**Assigned task:** Reproduce the data in full, exactly as given, leaving images out.

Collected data
- - - - - - -

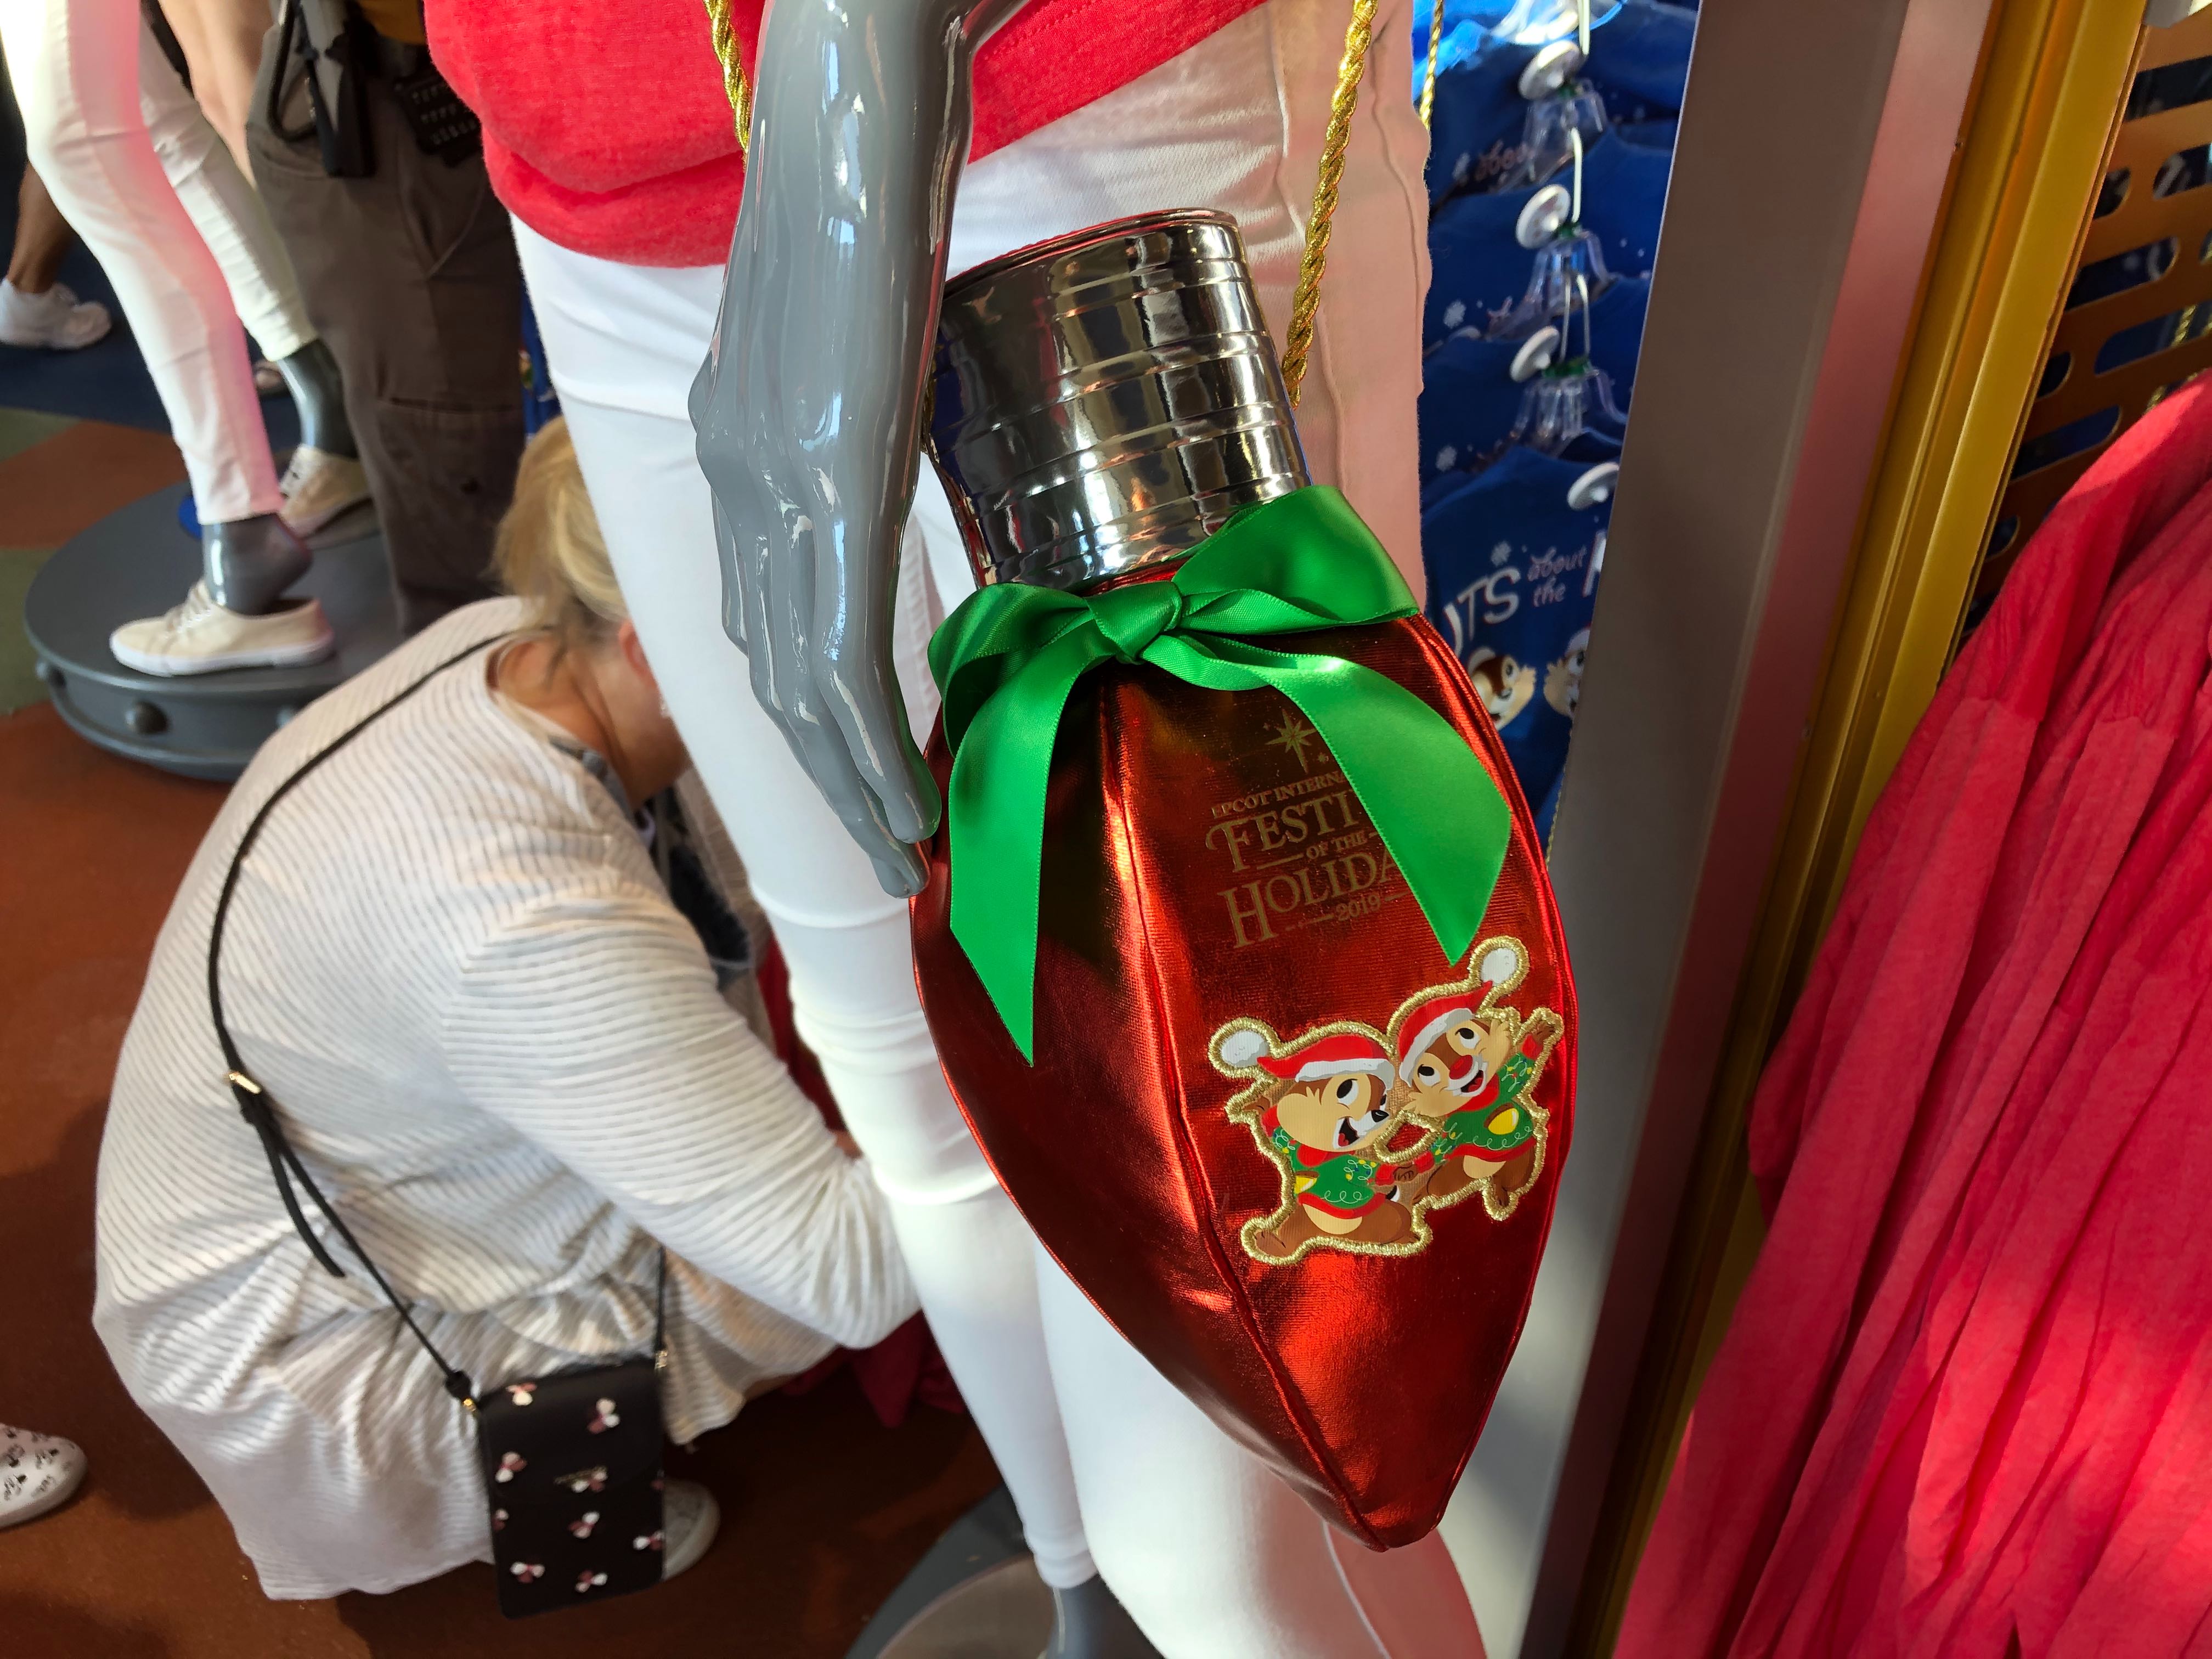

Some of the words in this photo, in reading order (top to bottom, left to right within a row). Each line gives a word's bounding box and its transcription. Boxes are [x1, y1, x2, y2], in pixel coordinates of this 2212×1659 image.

[1527, 545, 1588, 582] about
[1533, 575, 1566, 607] the
[1211, 790, 1272, 819] EPCOT
[1205, 788, 1361, 873] FESTI
[1306, 842, 1329, 860] OF
[1330, 830, 1368, 853] THE
[1335, 893, 1382, 921] 2019

- - - - - - -

**Answer area:**
Some of the words in this photo, in reading order (top to bottom, left to right within a row). Each line gives a word's bounding box and its transcription. Boxes are [x1, y1, x2, y2], in pixel coordinates of this 2212×1659 image.

[1527, 545, 1588, 582] about
[1533, 575, 1566, 607] the
[1211, 790, 1272, 819] EPCOT
[1205, 788, 1361, 873] FESTI
[1306, 842, 1329, 860] OF
[1330, 830, 1368, 853] THE
[1335, 893, 1382, 921] 2019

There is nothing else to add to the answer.